INPUT:
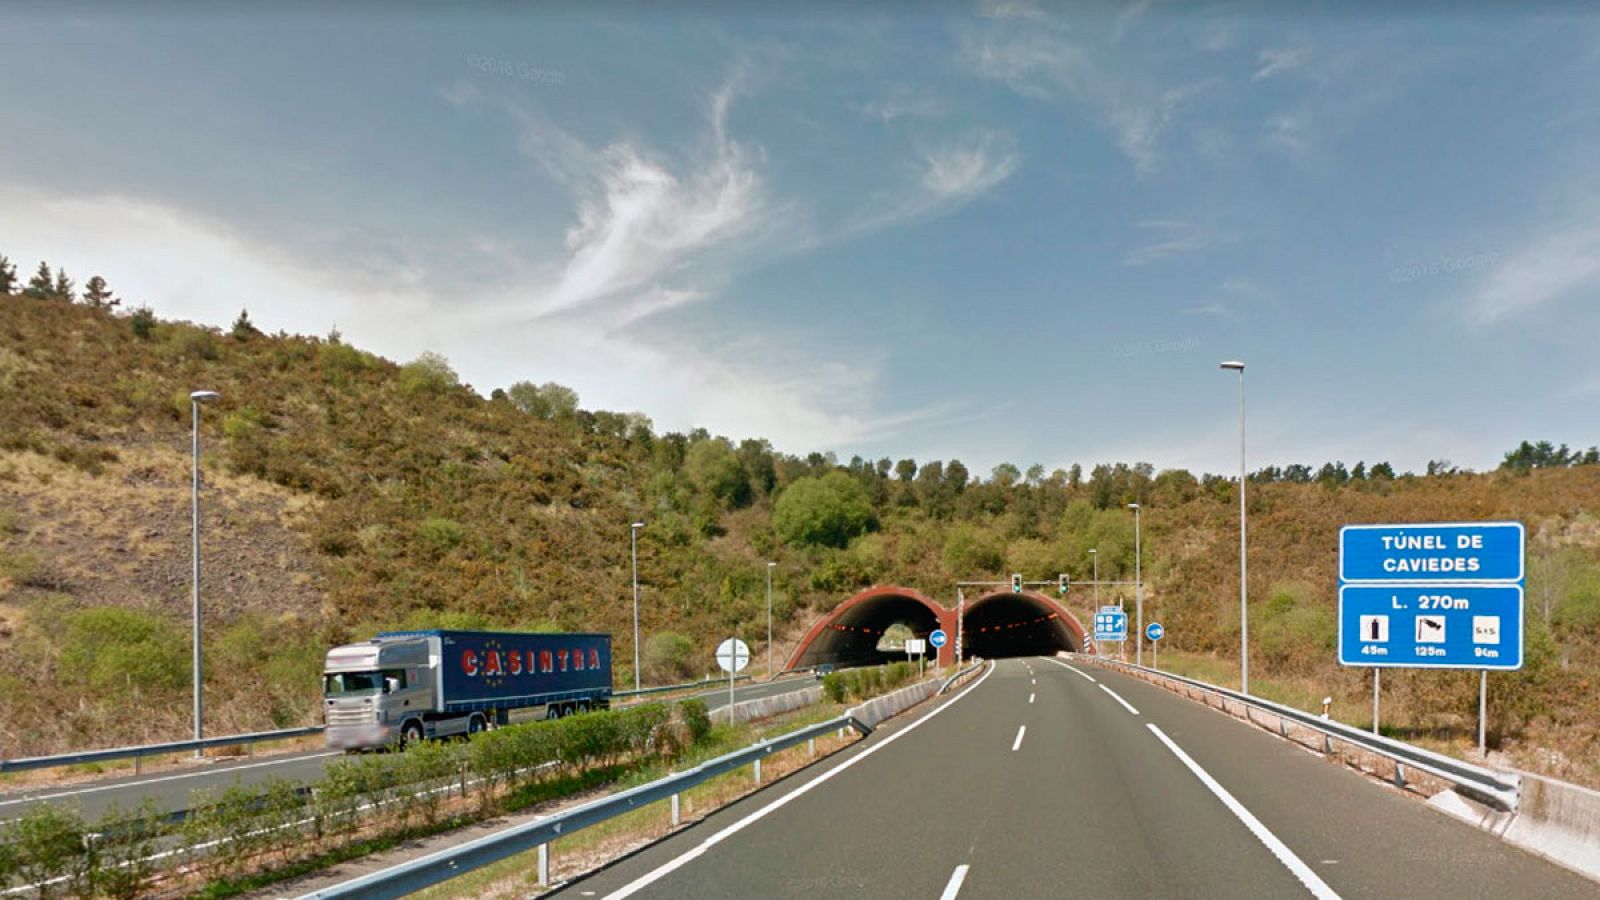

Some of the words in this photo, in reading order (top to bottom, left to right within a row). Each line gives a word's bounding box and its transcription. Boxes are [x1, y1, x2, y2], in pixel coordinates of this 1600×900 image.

[1381, 531, 1447, 550] TÚNEL
[1456, 535, 1483, 549] DE
[1383, 557, 1481, 572] CAVIEDES
[1391, 595, 1408, 609] L.
[1418, 595, 1469, 609] 270m
[1361, 644, 1388, 656] 45m
[1414, 645, 1446, 657] 125m
[462, 649, 600, 676] CASINTRA
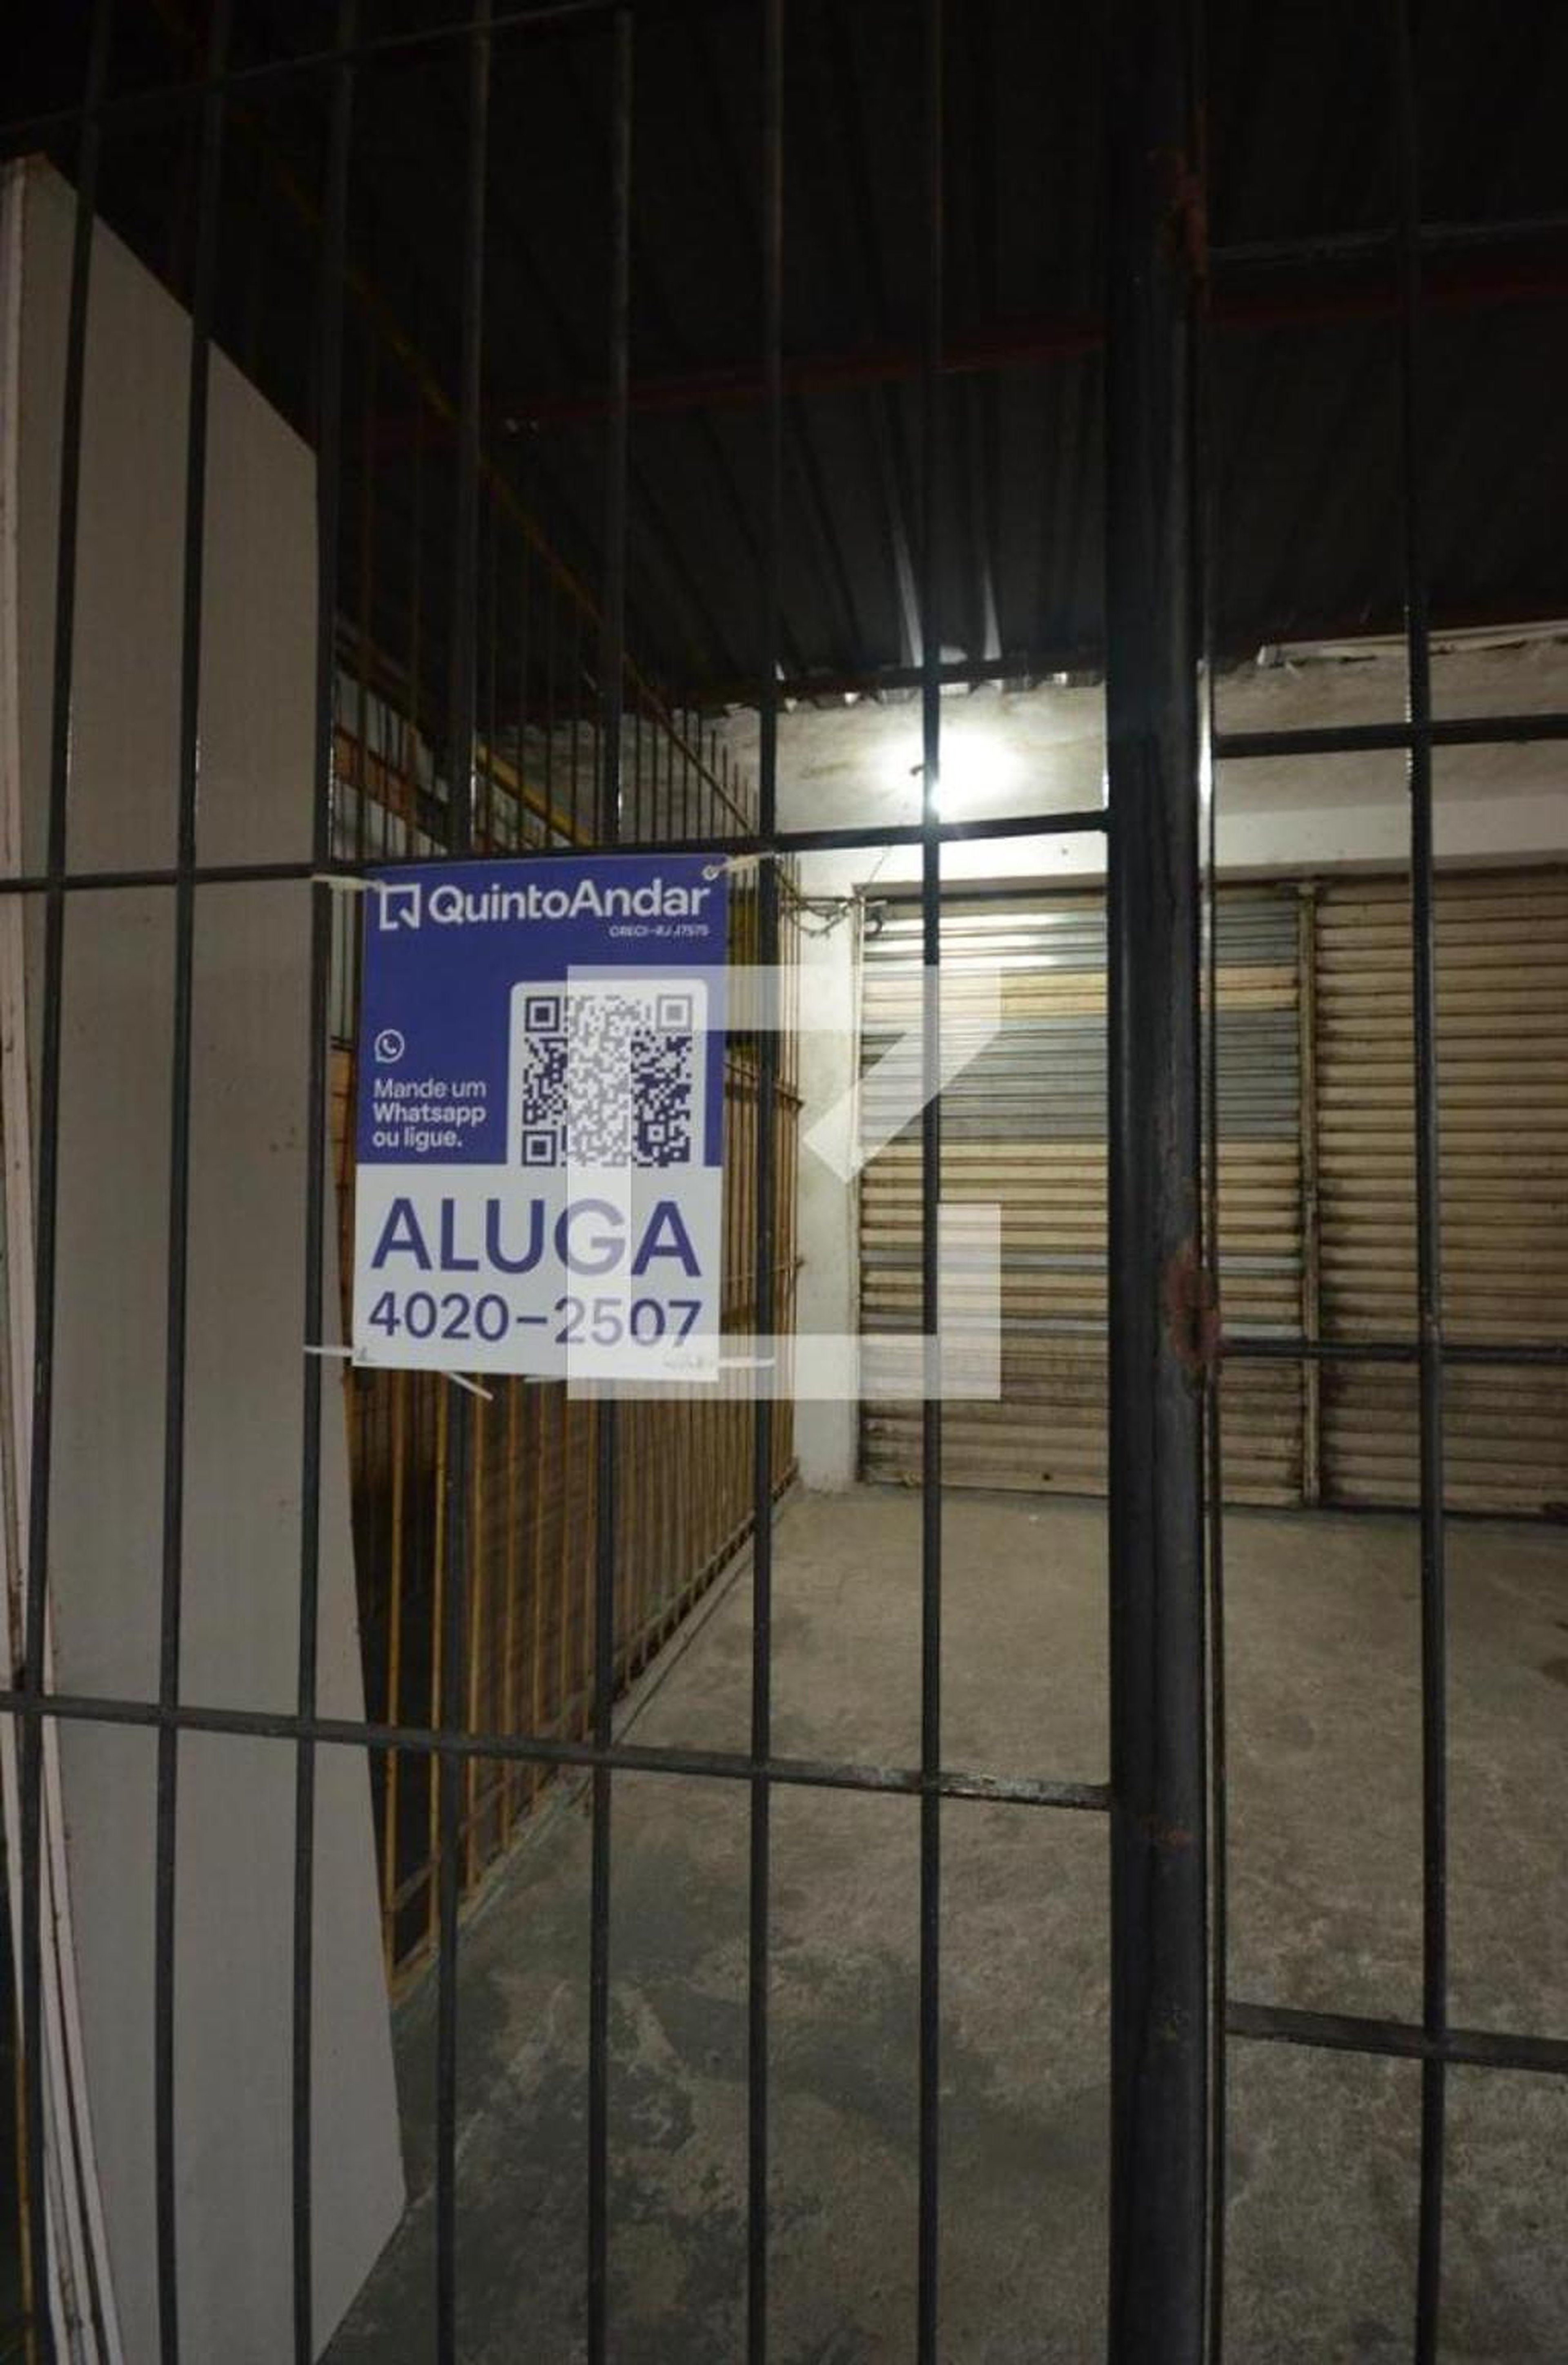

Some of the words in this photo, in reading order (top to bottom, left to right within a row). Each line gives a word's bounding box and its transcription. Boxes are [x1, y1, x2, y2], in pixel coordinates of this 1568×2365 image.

[428, 879, 710, 924] QuintoAndar
[374, 1078, 447, 1098] Mande
[452, 1082, 486, 1098] um
[373, 1102, 486, 1127] Whatsapp
[372, 1131, 399, 1147] ou
[404, 1126, 462, 1152] ligue.
[371, 1197, 702, 1277] ALUGA
[369, 1291, 702, 1348] 4020-2507

PROBLEM STATEMENT: With the pictures removed, write the listing out word for word.

WRITTEN RESPONSE:
Some of the words in this photo, in reading order (top to bottom, left to right within a row). Each line gives a word's bounding box and its transcription. Boxes are [x1, y1, x2, y2], in pixel coordinates of this 1600×900 image.

[1381, 531, 1447, 550] TÚNEL
[1456, 535, 1483, 549] DE
[1383, 557, 1481, 572] CAVIEDES
[1391, 595, 1408, 609] L.
[1418, 595, 1469, 609] 270m
[1361, 644, 1388, 656] 45m
[1414, 645, 1446, 657] 125m
[462, 649, 600, 676] CASINTRA

Some of the words in this photo, in reading order (top to bottom, left to right within a row). Each line gives a word's bounding box and its transcription. Boxes are [x1, y1, x2, y2], in pixel coordinates of this 1568×2365 image.

[428, 879, 710, 924] QuintoAndar
[374, 1078, 447, 1098] Mande
[452, 1082, 486, 1098] um
[373, 1102, 486, 1127] Whatsapp
[372, 1131, 399, 1147] ou
[404, 1126, 462, 1152] ligue.
[371, 1197, 702, 1277] ALUGA
[369, 1291, 702, 1348] 4020-2507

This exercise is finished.